The secret to keeping your kids safe from bullying, peer pressure, abduction, and abuse. Plus a danger parents often miss.
Do you and your kids really know the basics of being safe around others? Mom of two Irene van der Zande thought she did, until a scary incident while chaperoning her daughter and a group of young friends in downtown Santa Cruz—”in a public place in the middle of an ordinary day with people all around.” Twice a man charged the group and threatened to take one of the girls. With a bystander’s help, she yelled and intimidated the man away. “The kids were okay, but I wasn’t,” she recalls. What if he’d knocked me down, she kept thinking. What if he’d grabbed one of the kids? Even more unsettling was a comment she overheard her daughter say to a friend as they rehashed the day: “I wish I knew how to do what my mom did.”
That’s why Van der Zande founded the nonprofit Kidpower in 1989, bringing together experts in education, martial arts, mental health, child safety, and law enforcement to develop programs to prevent violence and abuse and promote positive relationships, in ways that are healthy, practical, and fun, not alarming.
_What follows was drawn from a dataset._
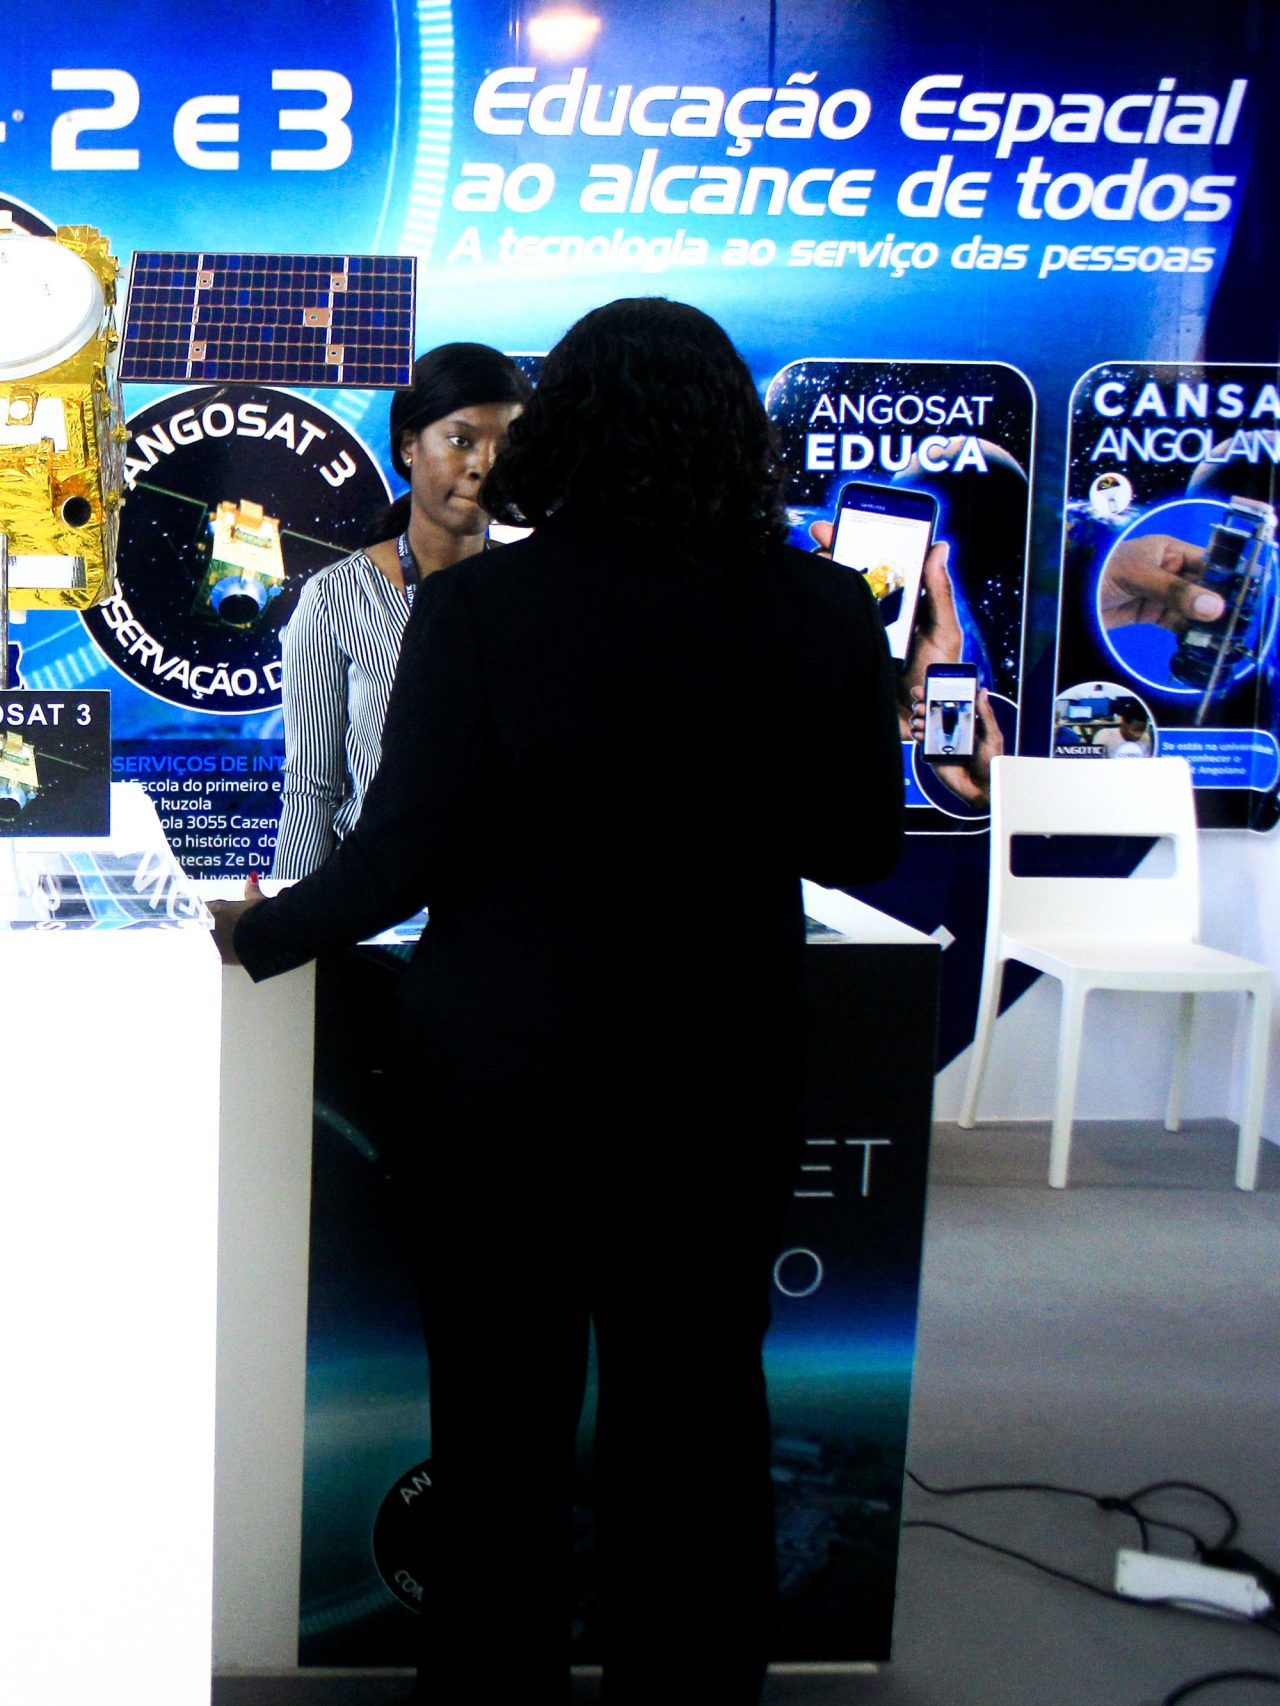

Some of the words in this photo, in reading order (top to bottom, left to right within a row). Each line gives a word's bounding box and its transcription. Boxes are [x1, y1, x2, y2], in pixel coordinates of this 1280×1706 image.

Today, Kidpower Teenpower Fullpower International’s innovative “People Safety” workshops and curricula empower all ages around the U.S. and abroad. We asked Van der Zande, the organization’s founder and executive director, to share what she sees as basic, essential life skills every child should have:
Being safe is many things. It’s how you deal with bullying and harassment, how to set boundaries, how to project an attitude of confidence. How to speak up when your friends are doing something unsafe and how to overcome the emotional triggers that make it hard to do that. We’re concerned with how to be safe with and around people, emotionally and physically, in all kinds of situations and relationships.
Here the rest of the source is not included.